Argomenti: 1. Situazione in Bosnia Erzegovina
2. Situazione in Croazia
1. Situazione in Bih
Vjesnik
Sarajevo - Gli aiuti umanitari spediti ai cittadini di Sarajevo finiscono nelle mani dei cetnici serbi. Continua il blocco totale della capitale bosniaca. Tutto quello che arriva viene controllato dai serbi o dalle unità dell'Armata Federale.
Anche venerdì è continuato il dramma dei 10.000 abitanti del sobborgo Dobrinje, che si trovano da 18 giorni senza acqua e senza corrente, completamente circondati dai cetnici. La gente per cucinare sta incendiando i mobili. ci sono molti morti e feriti, vittime di cecchini serbi.
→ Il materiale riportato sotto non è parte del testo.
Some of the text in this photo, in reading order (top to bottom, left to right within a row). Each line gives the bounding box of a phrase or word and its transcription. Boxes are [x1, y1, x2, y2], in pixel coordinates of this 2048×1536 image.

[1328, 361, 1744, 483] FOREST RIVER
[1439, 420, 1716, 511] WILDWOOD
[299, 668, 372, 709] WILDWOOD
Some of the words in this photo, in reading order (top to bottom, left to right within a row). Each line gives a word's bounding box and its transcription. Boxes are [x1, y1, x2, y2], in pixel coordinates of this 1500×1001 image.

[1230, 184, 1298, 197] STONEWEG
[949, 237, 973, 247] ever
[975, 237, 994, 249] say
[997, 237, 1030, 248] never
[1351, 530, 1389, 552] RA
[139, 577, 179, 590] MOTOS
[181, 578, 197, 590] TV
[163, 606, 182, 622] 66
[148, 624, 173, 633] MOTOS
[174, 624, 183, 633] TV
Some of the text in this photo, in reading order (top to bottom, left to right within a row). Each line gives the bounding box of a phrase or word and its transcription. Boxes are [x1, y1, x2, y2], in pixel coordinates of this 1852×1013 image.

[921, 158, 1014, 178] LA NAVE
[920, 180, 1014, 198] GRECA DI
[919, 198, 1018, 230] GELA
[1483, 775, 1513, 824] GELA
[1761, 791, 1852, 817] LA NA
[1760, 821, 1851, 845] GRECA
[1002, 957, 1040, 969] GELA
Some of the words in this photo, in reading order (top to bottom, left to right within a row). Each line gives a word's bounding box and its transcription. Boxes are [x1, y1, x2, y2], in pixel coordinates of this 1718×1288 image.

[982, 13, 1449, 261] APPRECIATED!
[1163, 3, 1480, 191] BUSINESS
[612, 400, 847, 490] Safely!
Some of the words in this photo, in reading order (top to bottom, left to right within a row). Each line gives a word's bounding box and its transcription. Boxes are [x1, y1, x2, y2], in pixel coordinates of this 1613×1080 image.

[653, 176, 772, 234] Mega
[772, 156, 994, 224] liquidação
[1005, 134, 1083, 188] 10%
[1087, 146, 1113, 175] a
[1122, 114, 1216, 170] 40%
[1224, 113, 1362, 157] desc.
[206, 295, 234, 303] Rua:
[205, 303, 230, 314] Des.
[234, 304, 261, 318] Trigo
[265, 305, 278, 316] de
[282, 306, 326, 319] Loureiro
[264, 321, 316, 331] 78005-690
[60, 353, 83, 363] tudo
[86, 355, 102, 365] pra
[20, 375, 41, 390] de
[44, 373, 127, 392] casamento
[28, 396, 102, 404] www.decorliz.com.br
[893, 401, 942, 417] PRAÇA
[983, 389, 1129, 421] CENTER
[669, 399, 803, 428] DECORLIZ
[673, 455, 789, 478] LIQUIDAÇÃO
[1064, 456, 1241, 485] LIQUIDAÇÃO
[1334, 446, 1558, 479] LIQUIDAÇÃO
Inoltre, tra i serbi è segnalata una scissione. Sono due i generali che controllano la situazione, e non vanno affatto d''accordo. Il primo è il generale Zivota Panic, che sta minacciando di ditruggere totalmente la città, mentre il secondo, Ratko Mladic, non dimostra compassione neppure per i cittadini serbi bloccati a Sarajevo, diendo che se vogliono possono trovare una via d'uscita dalla città da soli.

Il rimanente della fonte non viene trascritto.